Content starts

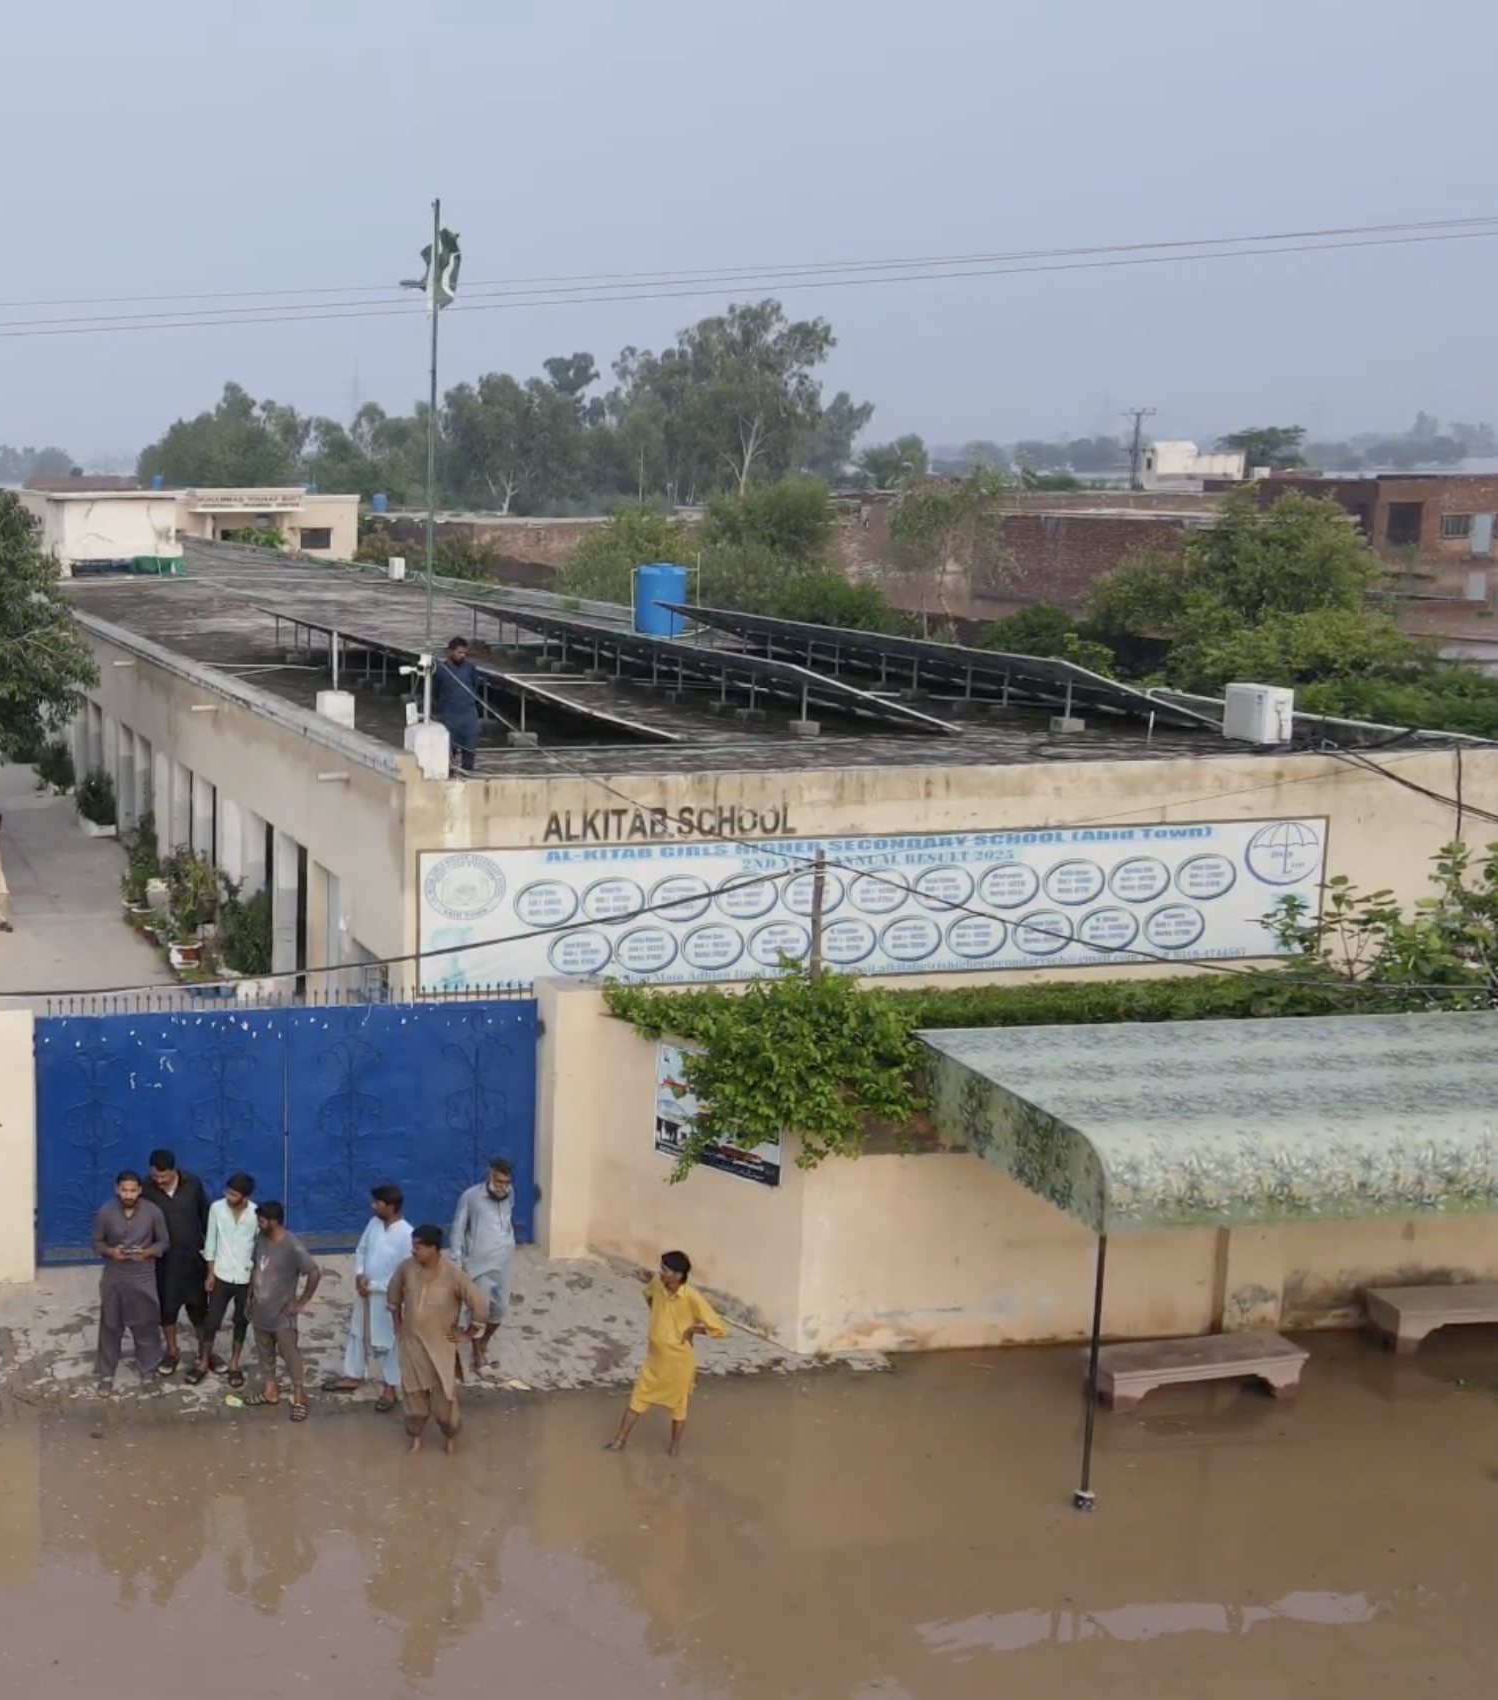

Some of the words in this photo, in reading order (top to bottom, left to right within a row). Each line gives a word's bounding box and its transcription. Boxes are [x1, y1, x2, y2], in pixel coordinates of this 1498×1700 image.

[543, 807, 670, 841] ALKITAB
[677, 802, 796, 839] SCHOOL
[546, 848, 652, 862] AL-KITAB
[660, 844, 728, 858] GIRLS
[735, 841, 823, 855] HIGHER
[829, 835, 966, 850] SECONDARY
[974, 831, 1064, 845] SCHOOL
[1143, 825, 1212, 837] Town)
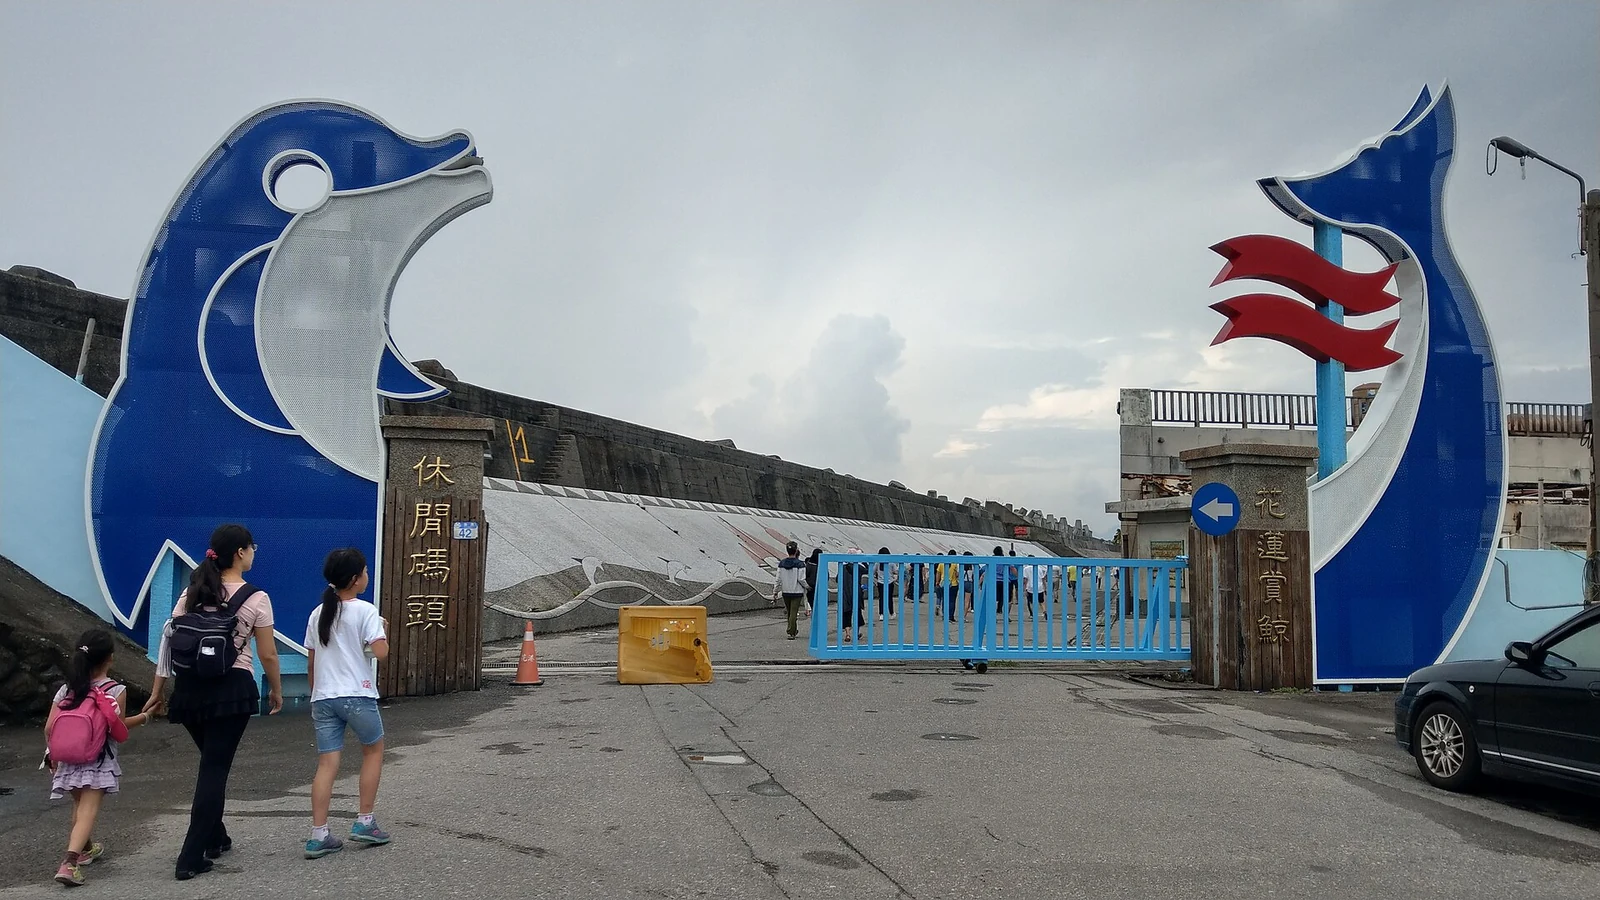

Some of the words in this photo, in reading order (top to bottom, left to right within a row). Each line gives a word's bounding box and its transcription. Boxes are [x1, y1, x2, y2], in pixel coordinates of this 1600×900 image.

[406, 455, 455, 631] 休閒碼頭
[459, 528, 472, 538] 42
[1255, 487, 1290, 643] 花蓮賞鯨
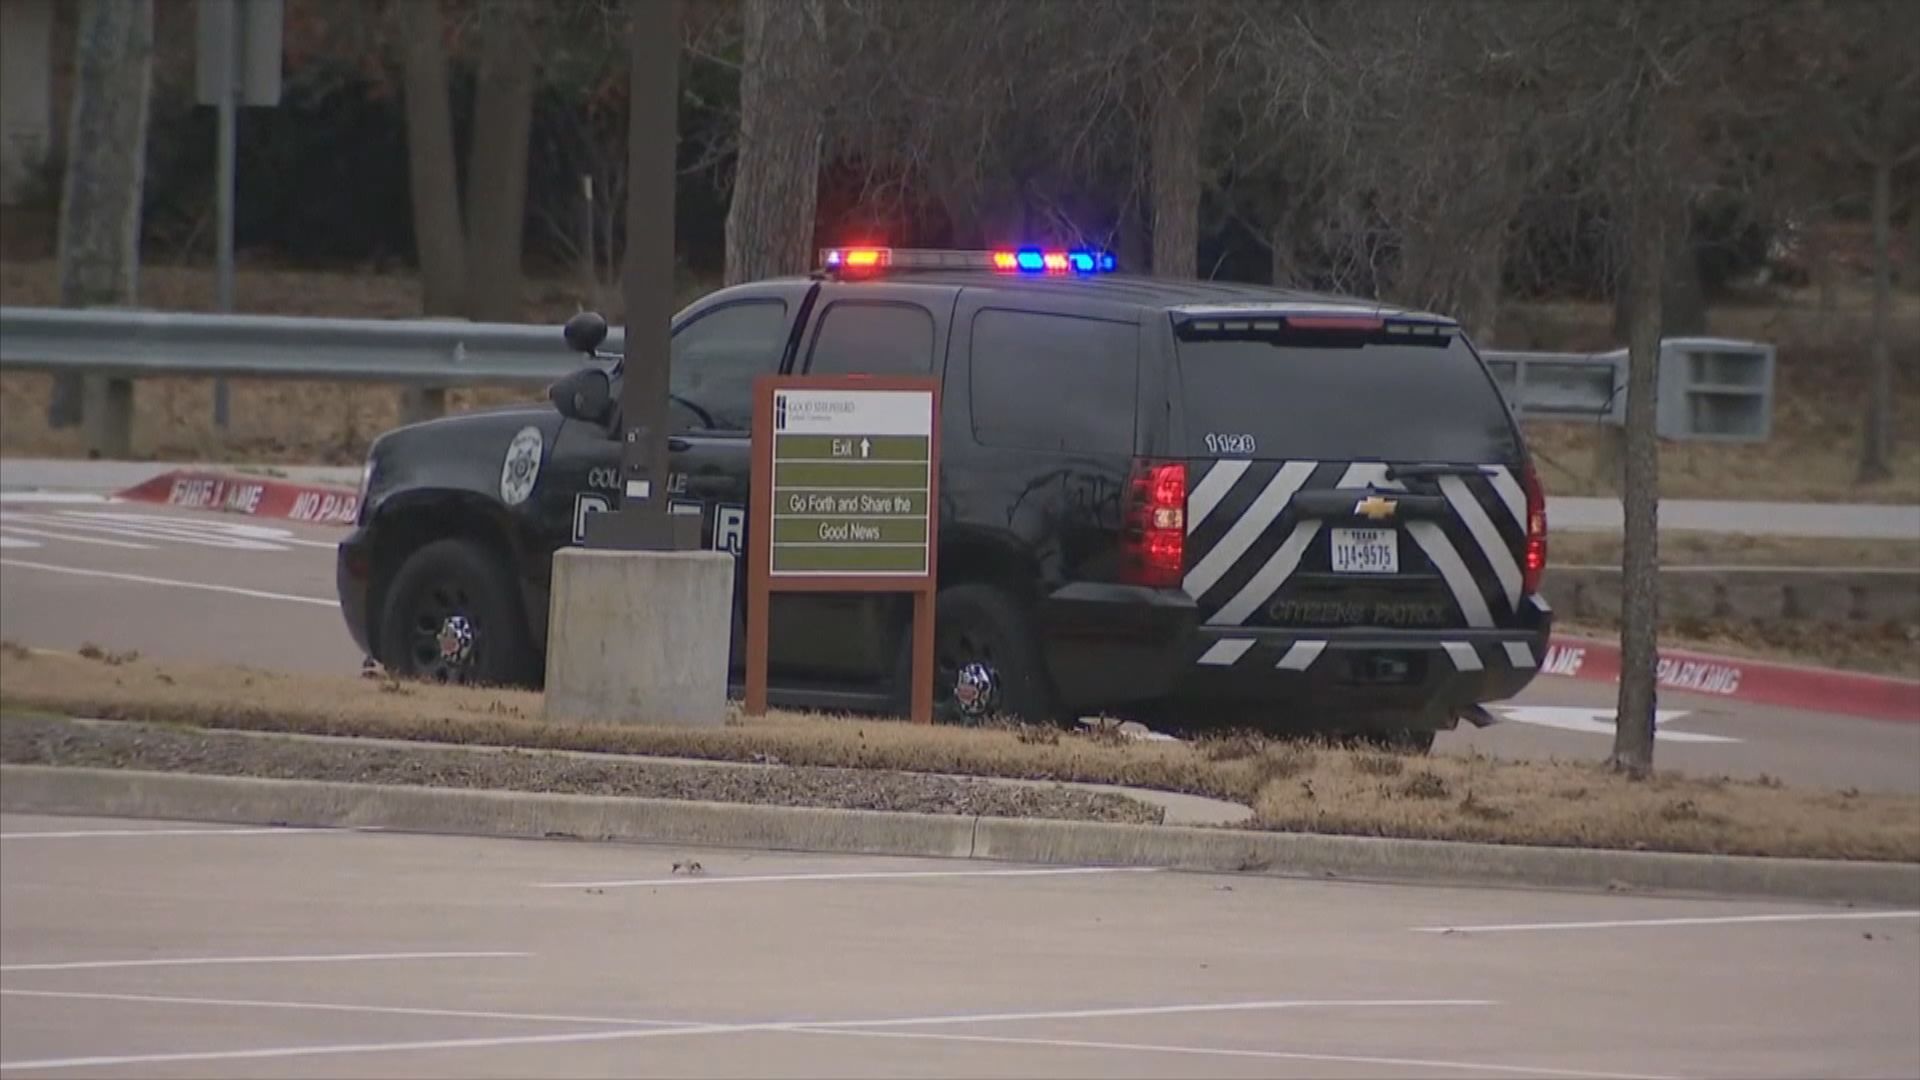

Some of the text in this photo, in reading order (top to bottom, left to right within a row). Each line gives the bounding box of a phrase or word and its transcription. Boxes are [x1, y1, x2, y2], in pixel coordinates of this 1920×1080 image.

[832, 438, 853, 456] Exit
[1204, 433, 1256, 453] 1128
[168, 479, 214, 506] FIRE
[289, 491, 320, 520] NO
[790, 494, 911, 513] Go Forth and Share the
[819, 522, 880, 540] Good News
[1351, 532, 1377, 540] TEXAS
[1540, 645, 1586, 676] ANE
[1656, 657, 1742, 694] PARKING
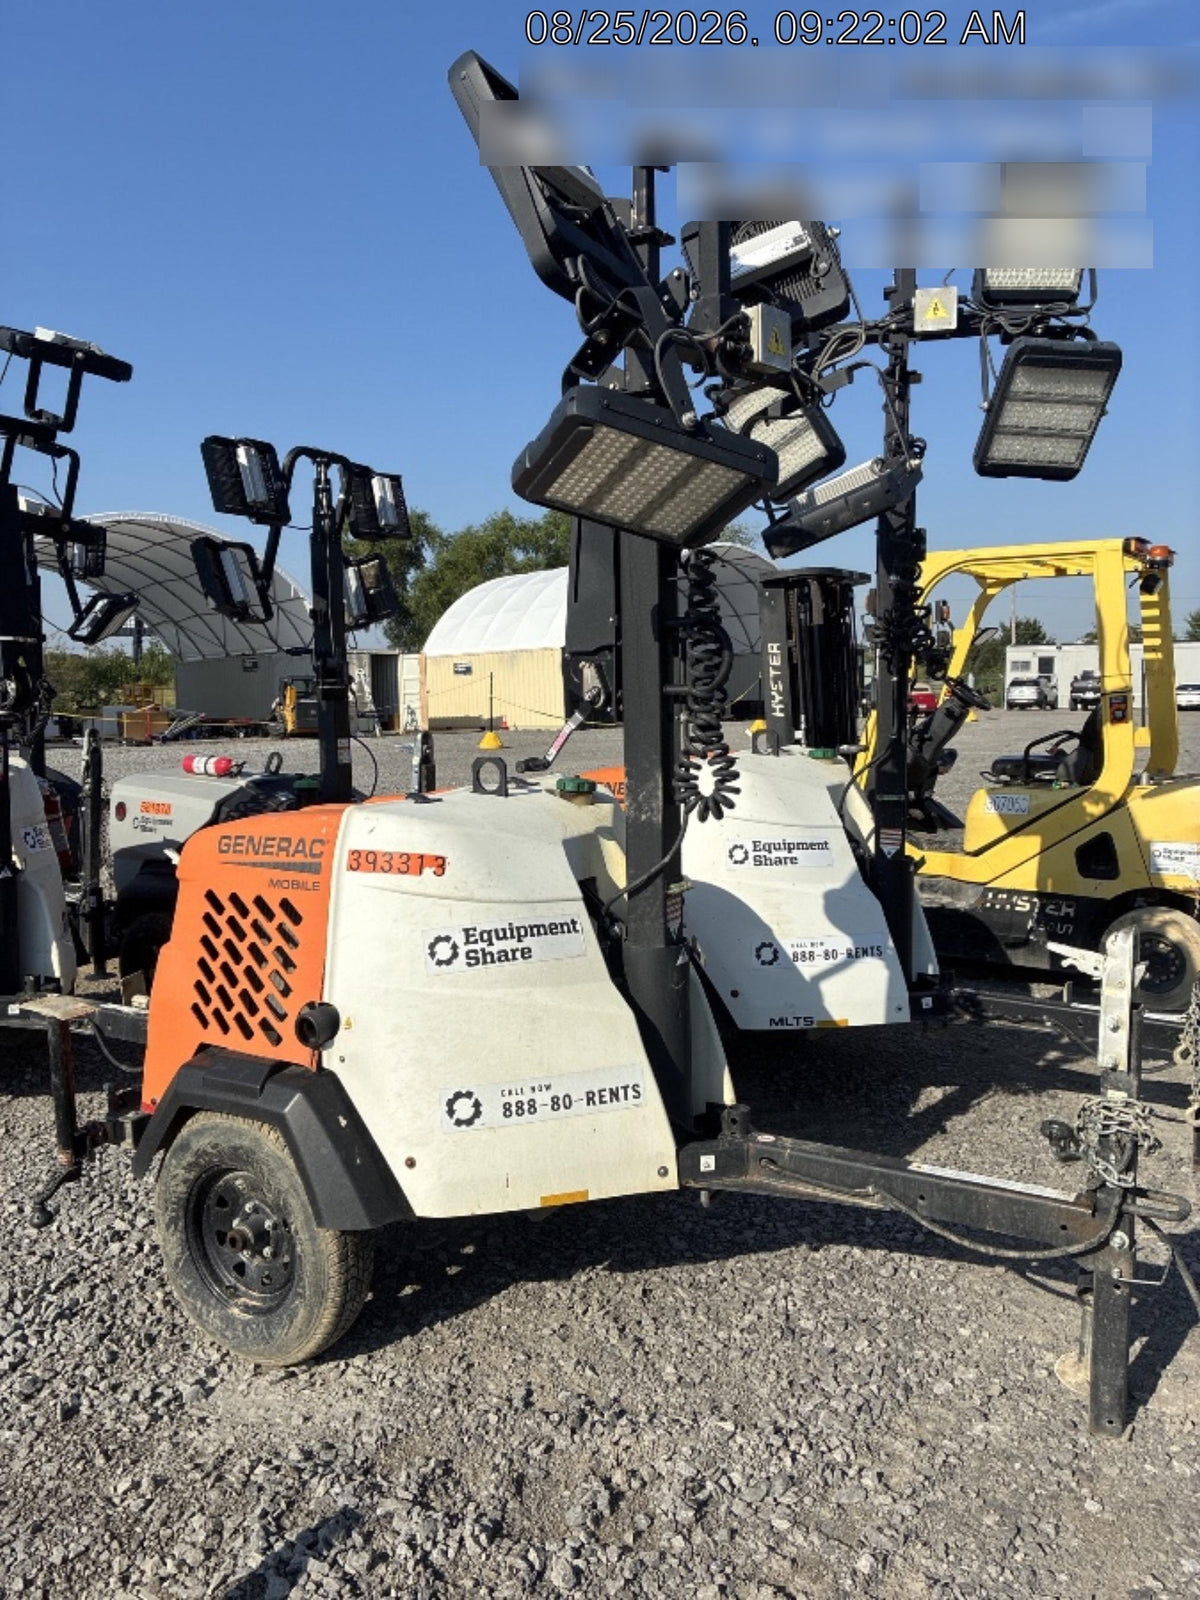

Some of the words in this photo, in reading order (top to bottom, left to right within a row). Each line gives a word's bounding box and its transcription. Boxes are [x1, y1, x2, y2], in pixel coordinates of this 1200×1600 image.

[767, 642, 785, 717] HYSTER
[218, 835, 325, 859] GENERAC
[752, 839, 830, 854] Equipment
[349, 850, 446, 877] 393313
[753, 854, 799, 866] Share
[268, 878, 320, 891] MOBILE
[462, 918, 580, 946] Equipment
[465, 946, 532, 967] Share
[792, 945, 883, 962] 888-80-RENTS
[769, 1016, 815, 1027] MLTS
[501, 1088, 525, 1097] CALL
[530, 1083, 552, 1094] NOW
[502, 1083, 642, 1119] 888-80-RENTS

Content ends

| Exercise objective |
The data above is to be printed exactly, all of it, except for the pictures.

| Response area |
Some of the words in this photo, in reading order (top to bottom, left to right within a row). Each line gives a word's bounding box and its transcription. Boxes are [x1, y1, x2, y2], in pixel coordinates of this 1498×1700 image.

[543, 807, 670, 841] ALKITAB
[677, 802, 796, 839] SCHOOL
[546, 848, 652, 862] AL-KITAB
[660, 844, 728, 858] GIRLS
[735, 841, 823, 855] HIGHER
[829, 835, 966, 850] SECONDARY
[974, 831, 1064, 845] SCHOOL
[1143, 825, 1212, 837] Town)

Some of the words in this photo, in reading order (top to bottom, left to right within a row). Each line gives a word's bounding box and its transcription. Boxes are [x1, y1, x2, y2], in pixel coordinates of this 1600×900 image.

[406, 455, 455, 631] 休閒碼頭
[459, 528, 472, 538] 42
[1255, 487, 1290, 643] 花蓮賞鯨

Some of the text in this photo, in reading order (top to bottom, left to right within a row). Each line gives the bounding box of a phrase or word and its transcription. Boxes are [x1, y1, x2, y2], in pixel coordinates of this 1920×1080 image.

[832, 438, 853, 456] Exit
[1204, 433, 1256, 453] 1128
[168, 479, 214, 506] FIRE
[289, 491, 320, 520] NO
[790, 494, 911, 513] Go Forth and Share the
[819, 522, 880, 540] Good News
[1351, 532, 1377, 540] TEXAS
[1540, 645, 1586, 676] ANE
[1656, 657, 1742, 694] PARKING

Some of the words in this photo, in reading order (top to bottom, left to right within a row). Each line gives a word's bounding box and its transcription. Boxes are [x1, y1, x2, y2], in pixel coordinates of this 1200×1600 image.

[767, 642, 785, 717] HYSTER
[218, 835, 325, 859] GENERAC
[752, 839, 830, 854] Equipment
[349, 850, 446, 877] 393313
[753, 854, 799, 866] Share
[268, 878, 320, 891] MOBILE
[462, 918, 580, 946] Equipment
[465, 946, 532, 967] Share
[792, 945, 883, 962] 888-80-RENTS
[769, 1016, 815, 1027] MLTS
[501, 1088, 525, 1097] CALL
[530, 1083, 552, 1094] NOW
[502, 1083, 642, 1119] 888-80-RENTS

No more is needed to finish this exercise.